##### Task data

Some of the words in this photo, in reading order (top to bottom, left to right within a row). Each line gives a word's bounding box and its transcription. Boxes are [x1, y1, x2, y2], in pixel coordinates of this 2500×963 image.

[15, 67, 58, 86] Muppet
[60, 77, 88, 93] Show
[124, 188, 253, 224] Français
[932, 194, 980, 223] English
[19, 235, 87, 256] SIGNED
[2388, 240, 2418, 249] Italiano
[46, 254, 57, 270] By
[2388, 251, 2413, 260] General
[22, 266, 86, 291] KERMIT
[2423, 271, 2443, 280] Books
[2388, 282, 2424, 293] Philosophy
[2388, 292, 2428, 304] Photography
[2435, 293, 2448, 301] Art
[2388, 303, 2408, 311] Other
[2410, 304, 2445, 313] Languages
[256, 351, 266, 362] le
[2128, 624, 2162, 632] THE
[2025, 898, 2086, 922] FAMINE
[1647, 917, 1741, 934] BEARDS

##########

Once you have read the entries, write them all out again exactly.

→ Written answer:
Some of the words in this photo, in reading order (top to bottom, left to right within a row). Each line gives a word's bounding box and its transcription. Boxes are [x1, y1, x2, y2], in pixel coordinates of this 2500×963 image.

[15, 67, 58, 86] Muppet
[60, 77, 88, 93] Show
[124, 188, 253, 224] Français
[932, 194, 980, 223] English
[19, 235, 87, 256] SIGNED
[2388, 240, 2418, 249] Italiano
[46, 254, 57, 270] By
[2388, 251, 2413, 260] General
[22, 266, 86, 291] KERMIT
[2423, 271, 2443, 280] Books
[2388, 282, 2424, 293] Philosophy
[2388, 292, 2428, 304] Photography
[2435, 293, 2448, 301] Art
[2388, 303, 2408, 311] Other
[2410, 304, 2445, 313] Languages
[256, 351, 266, 362] le
[2128, 624, 2162, 632] THE
[2025, 898, 2086, 922] FAMINE
[1647, 917, 1741, 934] BEARDS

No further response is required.